Lara versuchte, tief Luft zu holen, aber das Engegefühl in ihrem Hals wollte nicht weichen. Dieser hinterlistige Kotzbrocken! Tom Fränkel hatte sie erneut hereingelegt, aber dieses Mal würde er nicht ungeschoren davonkommen. Wütend sah sie Frank Schweizer hinterher.

 

»Hallo, Lara! Wieder da? Wie war’s?« Friedrich sah nicht auf. Seine Finger huschten über die Tasten. Ohne ihn zu beachten, warf Lara ihre Handtasche auf den Stuhl und stampfte zum Zimmer des Redaktionsleiters. Toms Platz war leer. Und das war gut so. Wer weiß, ob sie sich beim Anblick seiner dummdreisten Miene hätte beherrschen können. Sie hieb ihre Fingerknöchel gegen die Tür und drückte, ohne ein »Herein« abzuwarten, die Klinke nieder.

»Was ist denn jetzt…« Hampenmann saß hinter seinem Schreibtisch und musterte seine Angestellte mit hochgezogenen Augenbrauen. Auf seiner Stirn hatten sich mehrere vertikale Falten eingekerbt. »Frau Birkenfeld! Ich kann mich nicht erinnern, Sie hereingebeten zu haben!«

»Ich muss etwas klären. Sofort.« Lara warf die Tür hinter sich ins Schloss und blieb kurz stehen, um sich zu sammeln. Von hier aus konnte sie das Bänkchen sehen, auf das der Redaktionsleiter seine Füße stellte, weil seine Beine so kurz waren, dass sie von dem mächtigen Chefsessel aus nicht bis zum Boden reichten. Hampenmann bemerkte ihren Blick und wusste, was sie gesehen hatte. Seine Stirnfalten vertieften sich. »Jetzt nicht, Frau Birkenfeld. Ich habe zu arbeiten. Kommen Sie in einer halben Stunde wieder.«

»Nein! Wir besprechen das jetzt gleich!« Gernot Hampenmann, der den Blick in Erwartung, dass Lara seinen Anweisungen Folge leisten würde, wieder auf seinen Schreibtisch gesenkt hatte, sah hoch. Sein Mund stand ein wenig offen, die Augen waren weit geöffnet. »Wie bitte?«

»Es ist wichtig!«

»Drei Minuten.« Der Redaktionsleiter hob die Hand, Daumen, Zeige- und Mittelfinger ausgestreckt, eine symbolische Drei andeutend.
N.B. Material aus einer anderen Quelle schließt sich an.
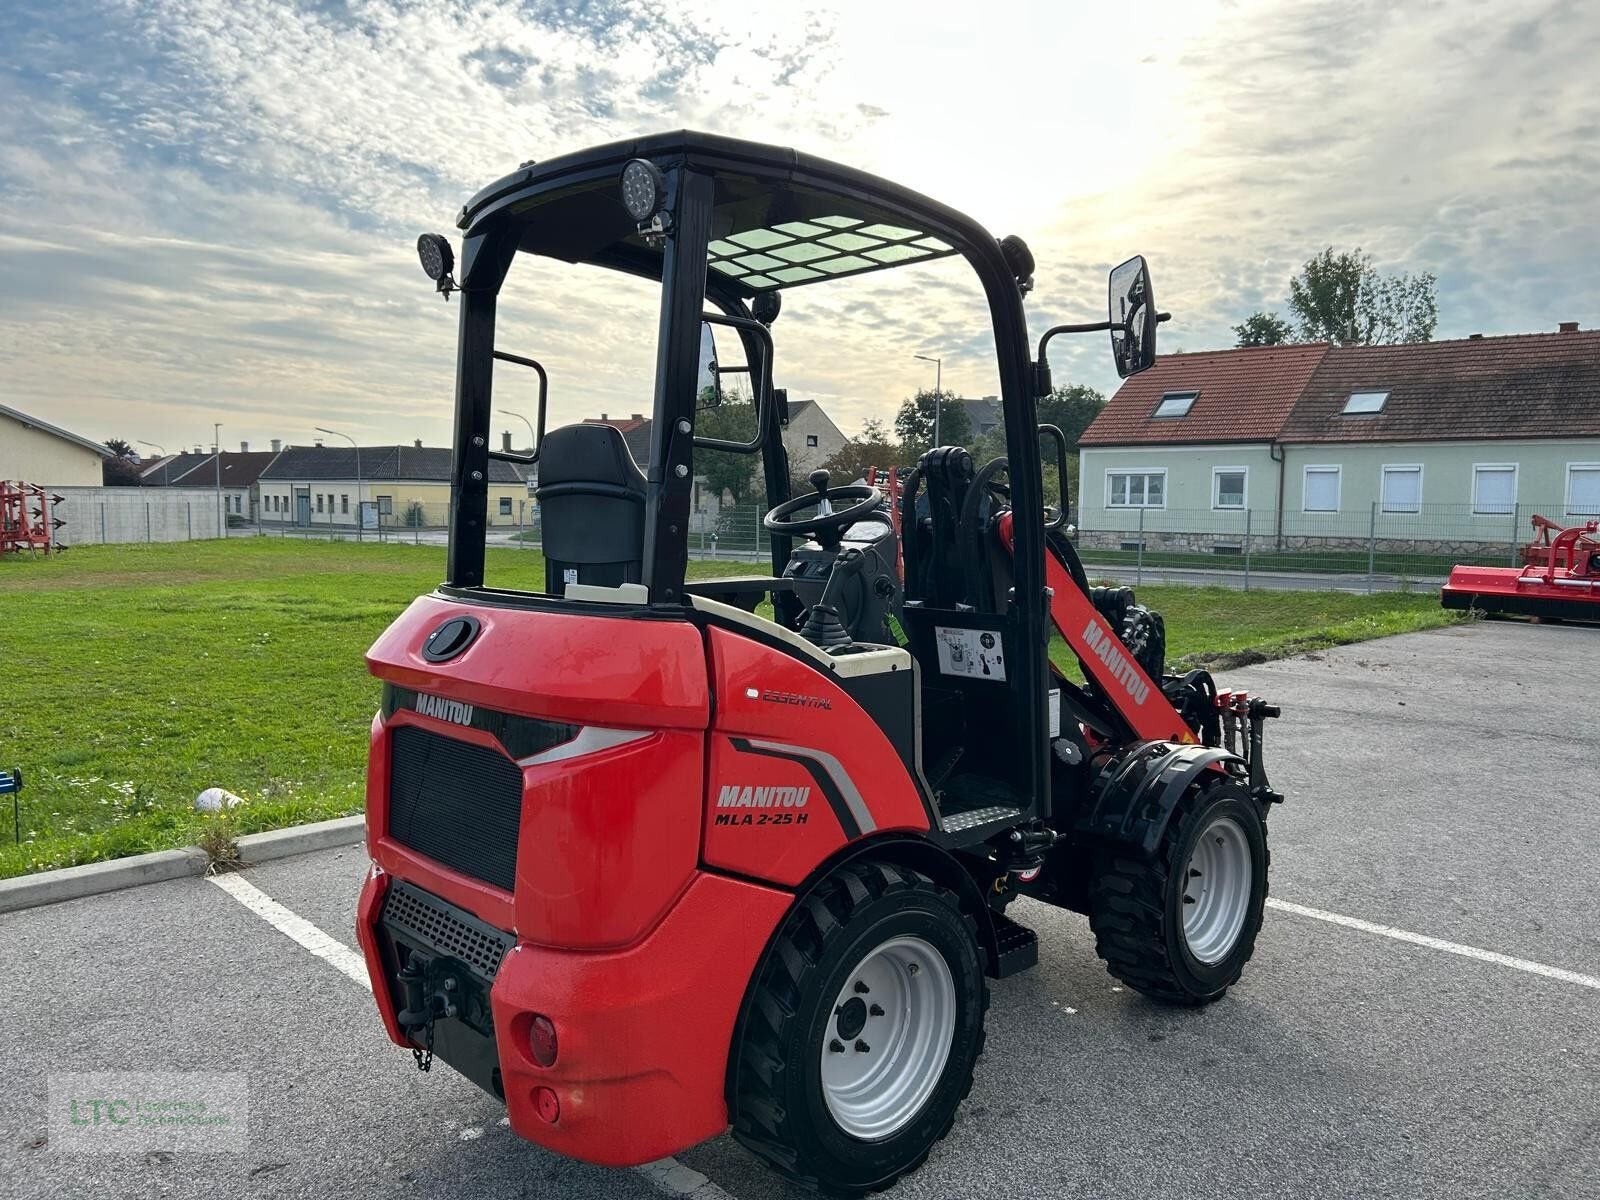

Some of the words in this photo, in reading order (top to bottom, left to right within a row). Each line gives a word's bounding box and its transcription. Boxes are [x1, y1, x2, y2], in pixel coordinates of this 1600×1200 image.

[1082, 619, 1150, 705] MANITOU
[415, 692, 473, 726] MANITOU
[762, 689, 832, 710] ESSENTIAL
[717, 785, 810, 808] MANITOU
[715, 813, 753, 825] MLA
[757, 813, 793, 825] 2-25
[796, 813, 808, 824] H
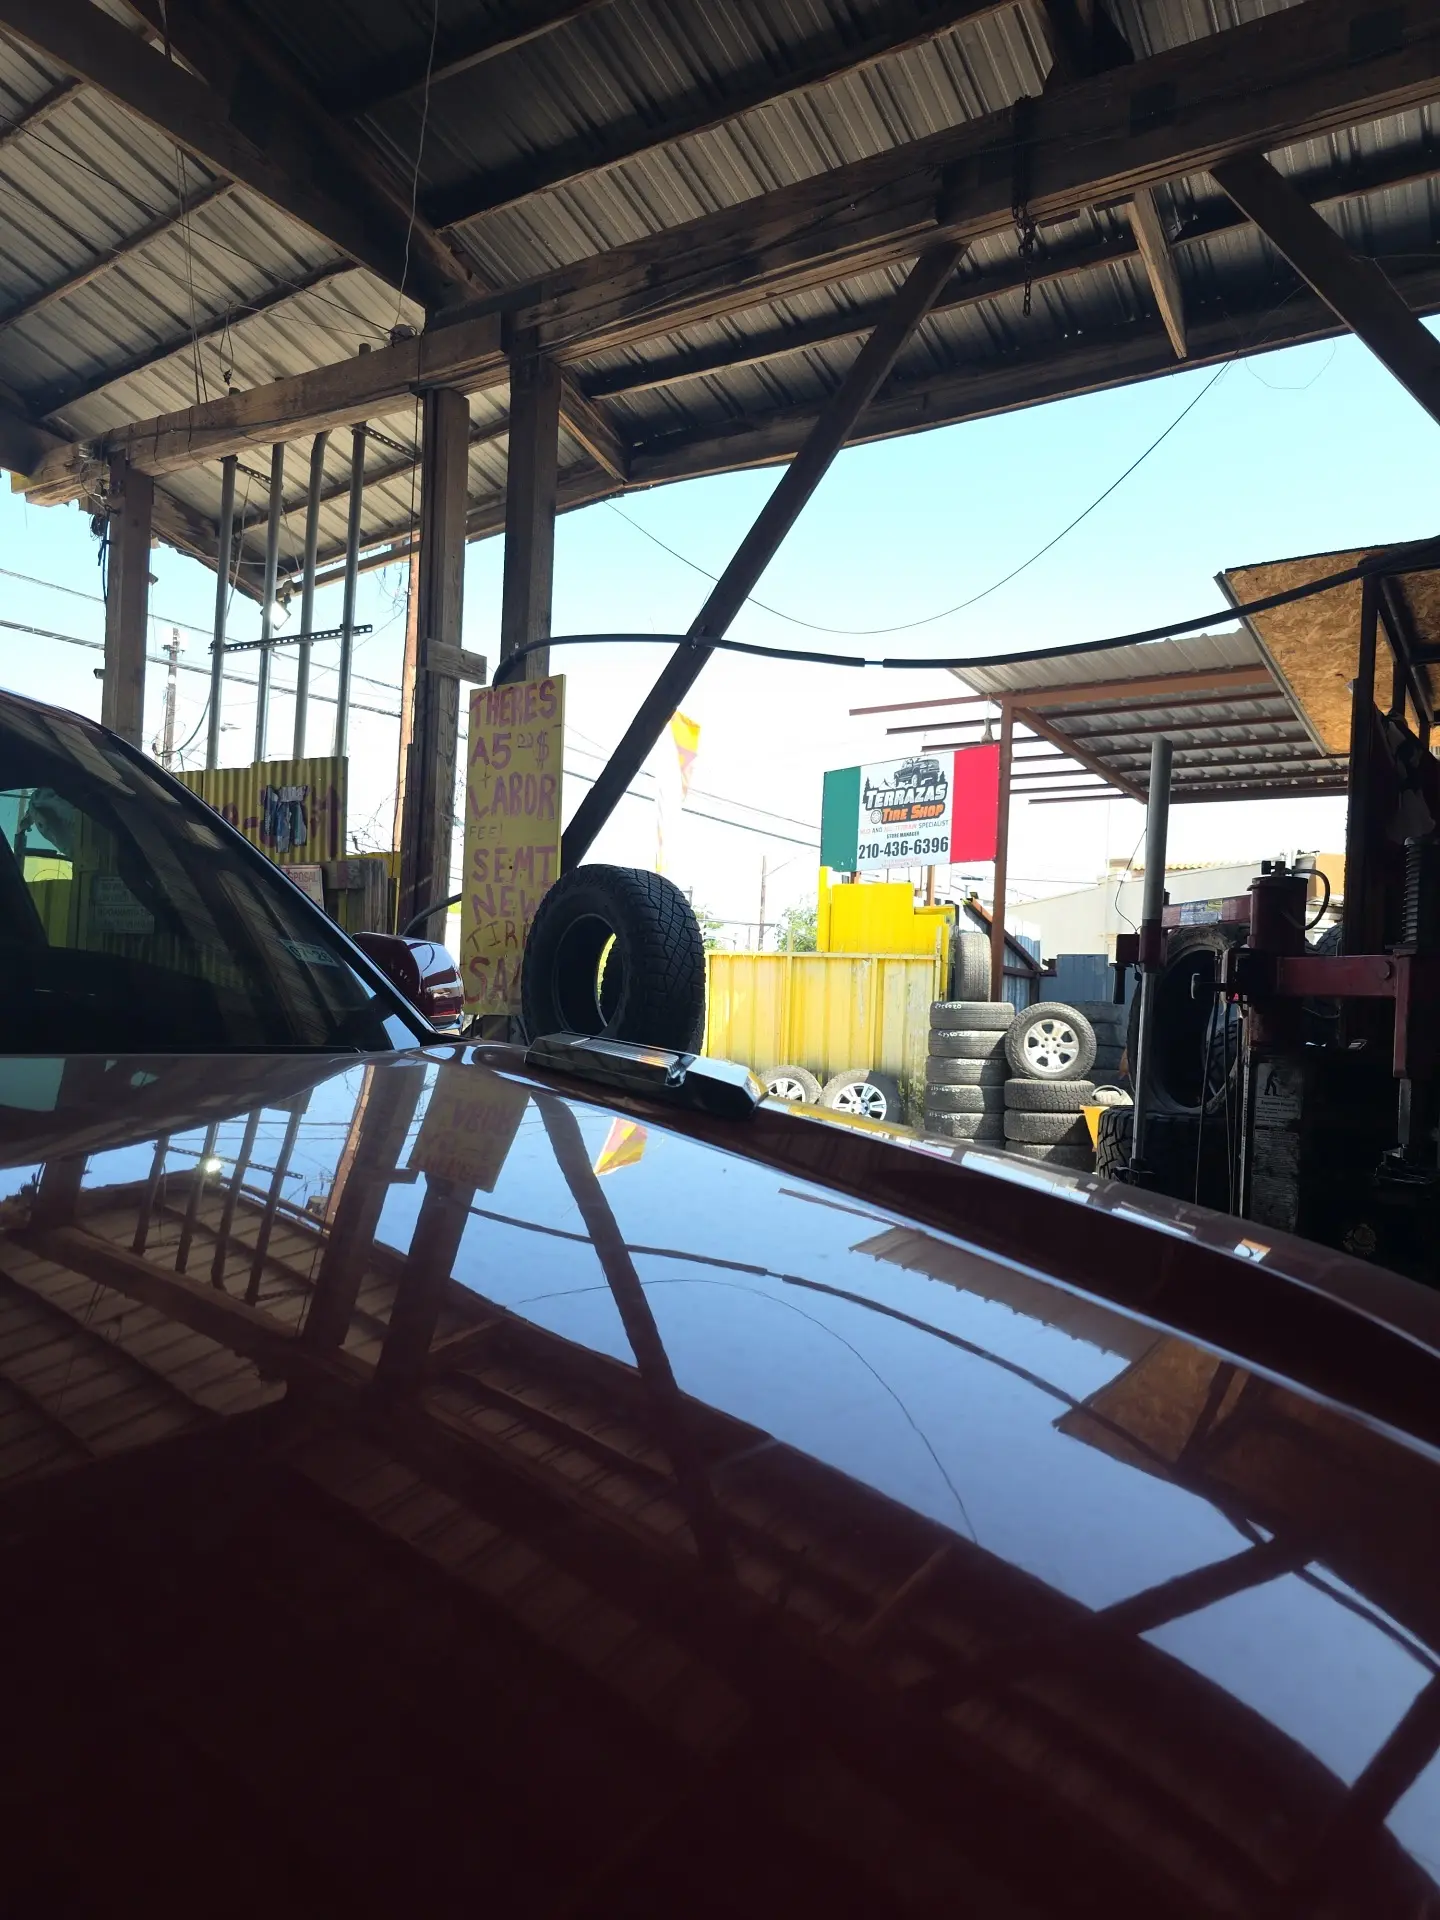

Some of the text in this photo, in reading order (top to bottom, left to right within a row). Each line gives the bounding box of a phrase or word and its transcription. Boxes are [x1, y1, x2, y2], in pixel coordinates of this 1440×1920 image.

»Tom Fränkel sabotiert meine Arbeit!«

»Was?«

»Er reißt Berichte an sich, die in mein Ressort fallen.« Hampenmann öffnete den Mund, um etwas zu erwidern, aber Lara hatte schon weitergesprochen. »Er verschweigt mir Termine, die für mich bestimmt sind, und geht stattdessen selbst hin.«

»Haben Sie Beweise für Ihre Anschuldigungen?«

»Am Montagnachmittag kam ein neuer Gerichtstermin für Dienstag herein. Ich war unterwegs. Normalerweise werde ich in so einem Fall angerufen, wenn es eilig ist, oder man legt mir eine Notiz auf den Schreibtisch. Weder das eine noch das andere ist passiert, und ich war am Montagabend noch einmal hier, da hätte ich den Zettel doch finden müssen, nicht?«

»Und wie kommen Sie darauf, dass es gerade Tom war?«

»Weil er am Dienstag im Gericht war!« Lara hörte ihre Stimme wie durch Watte. Sie klang kurzatmig und deutlich höher als sonst.
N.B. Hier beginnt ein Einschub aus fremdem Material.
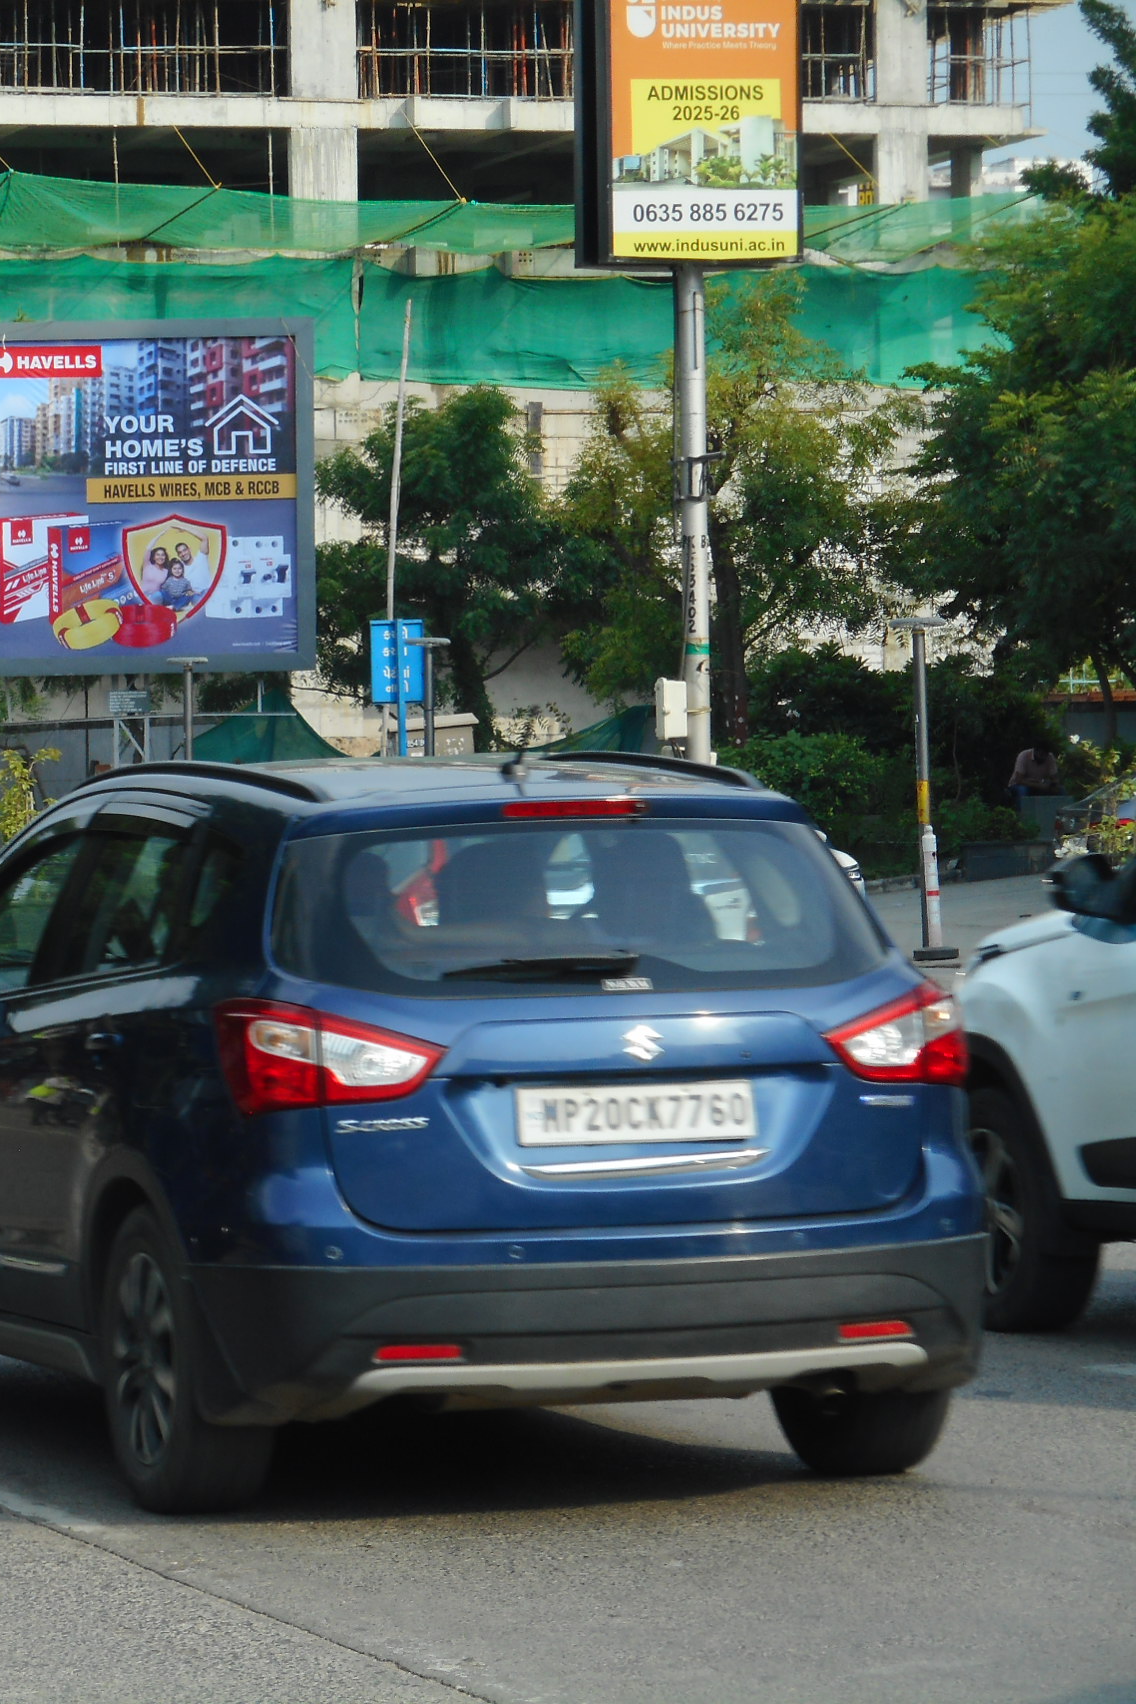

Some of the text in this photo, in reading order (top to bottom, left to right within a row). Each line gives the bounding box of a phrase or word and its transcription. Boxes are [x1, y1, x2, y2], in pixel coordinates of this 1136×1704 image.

[661, 5, 723, 21] INDUS
[661, 23, 780, 38] UNIVERSITY
[662, 41, 688, 49] Where
[723, 41, 748, 49] Meets
[749, 41, 776, 51] Theory
[647, 85, 764, 101] ADMISSIONS
[672, 105, 740, 121] 2025-26
[633, 203, 784, 222] 0635 885 6275
[634, 238, 785, 252] www.indusuni.ac.in
[17, 354, 97, 370] HAVELLS
[104, 415, 174, 435] YOUR
[104, 458, 277, 476] FIRST LINE OF DEFENCE
[103, 480, 280, 499] HAVELLS WIRES, MCB & RCCB
»Das muss doch noch lange nicht heißen, dass er Ihnen den Termin böswillig verschwiegen hat, wie Sie unterstellen. Was, wenn ich ihn hingeschickt habe, weil Sie nicht erreichbar waren?« Der Redaktionsleiter verzog verächtlich das Gesicht. Lara fühlte, wie ihr Mund sich erstaunt öffnete. Wahrscheinlich trug sie gerade den Gesichtsausdruck eines hypnotisierten Kaninchens zur Schau.

»So, Frau Birkenfeld.« Hampenmanns Rechte machte eine Wegwerfbewegung in Richtung der Tür. »Ich schlage vor, Sie gehen jetzt nach draußen und überlegen sich in aller Ruhe, was Sie da eben getan haben. Aufgrund obskurer Verdächtigungen und falscher Annahmen schwärzen Sie einen kompetenten Kollegen bei mir an. Halten Sie das für ein seriöses Verhalten? Denken Sie gründlich darüber nach. Ich werde Tom vorerst nichts davon sagen.« Die Hand wedelte noch einmal, und Lara schloss ihren Mund mit einem Schnappen. Wie in Trance ging sie hinaus, die Augen auf einen entfernten Punkt gerichtet. Nahm Hampenmann Tom nur in Schutz, oder hatte er ihn tatsächlich selbst zu der Prozesseröffnung beordert? Lara setzte sich an ihren Schreibtisch, faltete die Hände im Schoß und stierte, ohne zu blinzeln, geradeaus.